Feminization of medicine: women’s challenges and strengths

(Credit: Unsplash)

This article was exclusively written for The European Sting by Ms. Manoela Henriques Pinto, a 3rd year medical student in São José do Rio Preto, Brazil. She is affiliated with the International Federation of Medical Students Associations (IFMSA), cordial partner of The Sting. The opinions expressed in this piece belong strictly to the writer and do not necessarily reflect IFMSA’s view on the topic, nor The European Sting’s one.

In 2021, on International Women’s Day, the director general of the World Health Organization (WHO), Tedros Adhanom Ghebreyesus, highlighted the role of women in combating the pandemic of COVID-19. In his speech, he stated that women account for about 70% of the global pool of health workers and that they played an exceptional role in saving lives, however, women hold only 25% of the sector’s leadership.

Two decades ago, medicine was seen as a predominantly male career. Gradually, the acceptance of women in this field led to the feminization of medicine: women make up more than 50% of enrolled medical students (AAMC, 2019). Clearly there is a gap between the growth of the female medical population and the occupation of leadership positions. To understand the totality of the problem, we must address social and cultural factors that challenge women’s advancement and protagonism.
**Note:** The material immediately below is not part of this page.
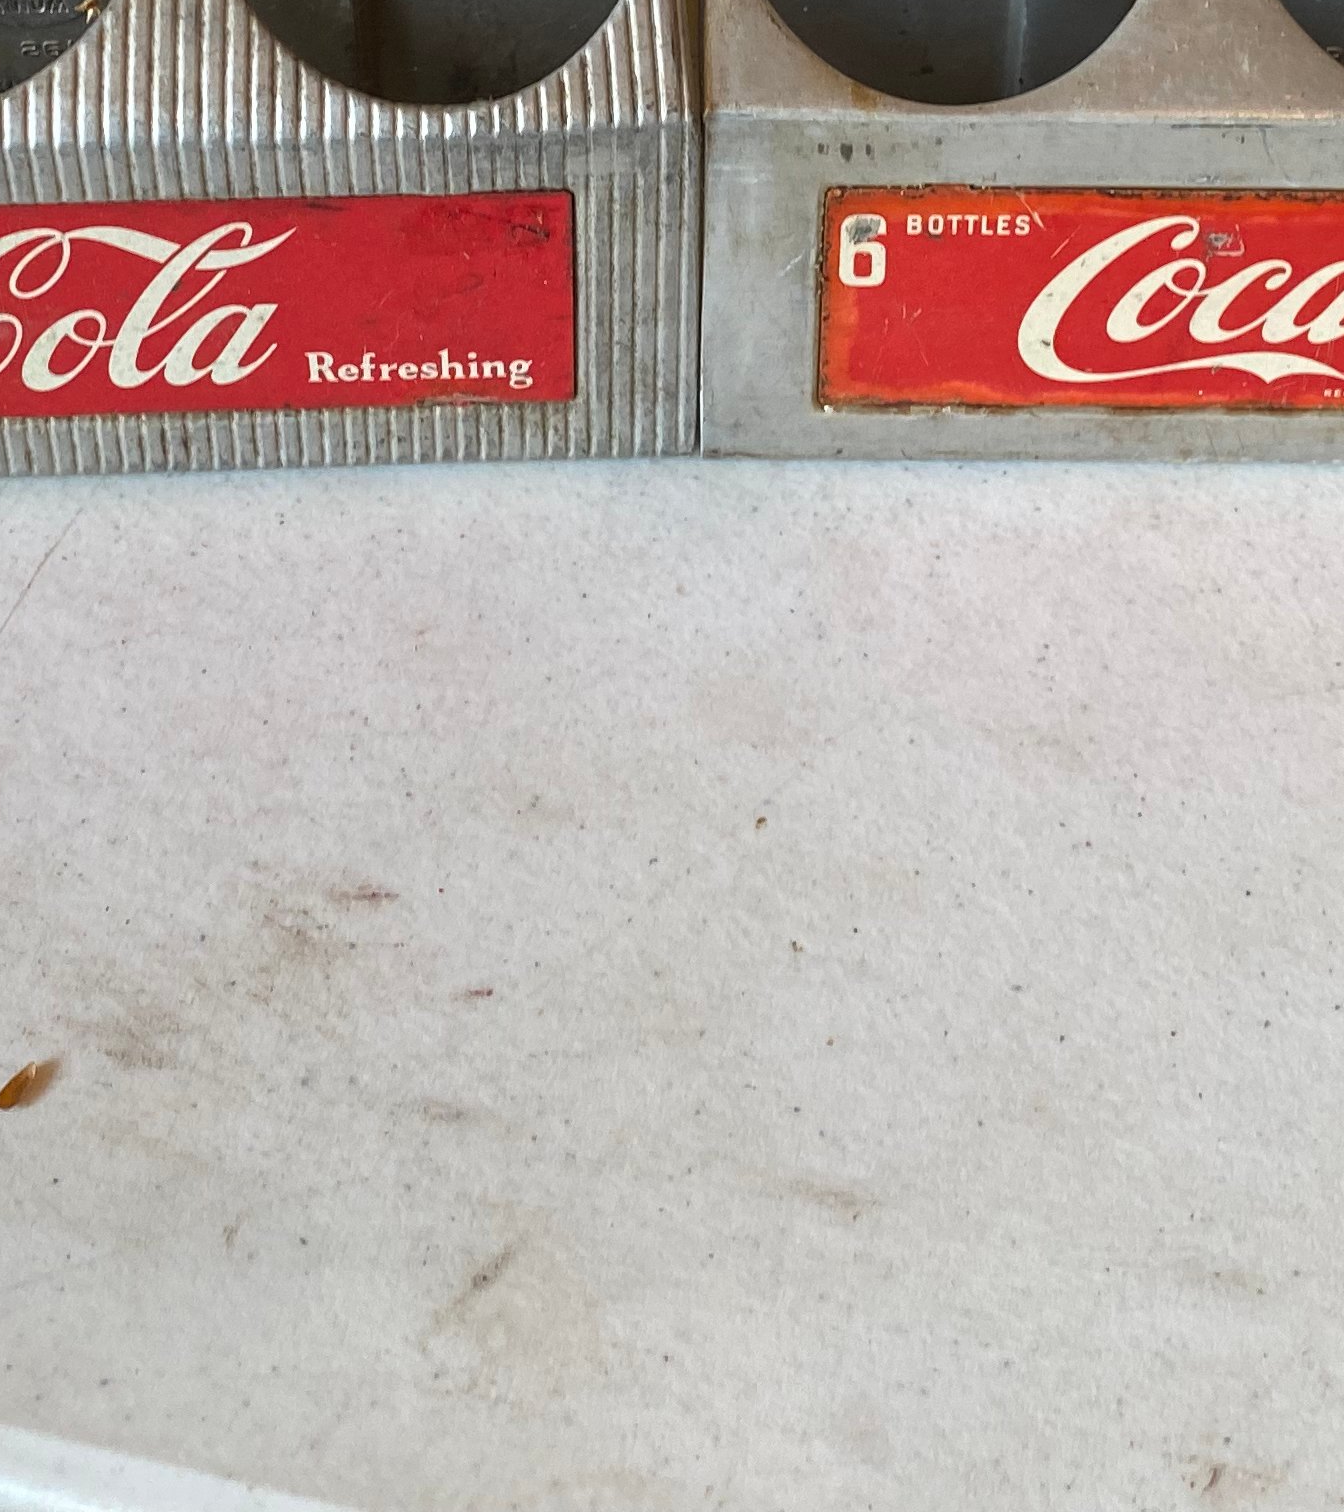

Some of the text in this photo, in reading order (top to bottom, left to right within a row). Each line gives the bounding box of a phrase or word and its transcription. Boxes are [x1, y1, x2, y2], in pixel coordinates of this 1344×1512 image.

[838, 212, 1032, 288] 6 BOTTLES
[304, 349, 534, 389] Refreshing
Patriarchal society is based on sexism and gender inequality. From birth, a child learns social gender roles and appropriate behaviors. Women are assigned the role of caring for children, home and husband, as well as abdicating, listening and pondering, being seen as vulnerable. In contrast, men are encouraged to have ambition, to dedicate themselves to work and to take risks. Thus, women have double the workload, unable to take on the responsibilities that leadership positions require. In addition, there is a tendency to assume that women reflect more before acting and devalue themselves in the face of a leadership position, while men push themselves towards opportunities that allow them to reach more leadership positions.

Women who decide and take risks also face other barriers. Institutions – as a social feature – are permeated by the sexist forces. To reach leadership positions, women face gender bias and discrimination, their abilities being doubted and judged to be uncompromised or fragile. For example, women report having their dedication questioned when they have children, as it is assumed that work will take second place. Thus, females must make daily efforts to transcend gender stereotypes. In addition, women find it difficult to obtain mentors to advance their careers, therefore lacks essential information to achieve professional success, further reducing their ability to take risks.

In short, the gender gap is far from being closed in medical leadership. The barriers created by patriarchalism permeate society and hinder women’s progress towards leadership positions. In this sense, individual, institutional and social changes are necessary in order to build a society with gender equality. At the same time, women must transform their vulnerabilities into strengths, enabling their abilities to care, listen and ponder to be used to lead with respect. In this way, it is possible to establish environments for dialogue, equality and growth. The challenges are set, but efforts are needed to overcome them, with a view to the visibility female leadership in medicine.

“Vulnerability is having the courage to expose oneself even without being able to control the outcome … if we want to be full people and leaders, we need to be vulnerable” Brené Brown.

About the author

Manoela Henriques Pinto, 21 years old, is a 3rd year medical student in São José do Rio Preto, Brazil. She is a member of IFMSA Brazil and is in love with the impact the union of medical students can cause. Through medicine, she wants to help those in need the most, especially those who are going through the process of death and dying. This is why she is interested in palliative care, to comfort and assist. She will not be impeded by gender bias and discriminative, fighting for her right to practice medicine as a woman.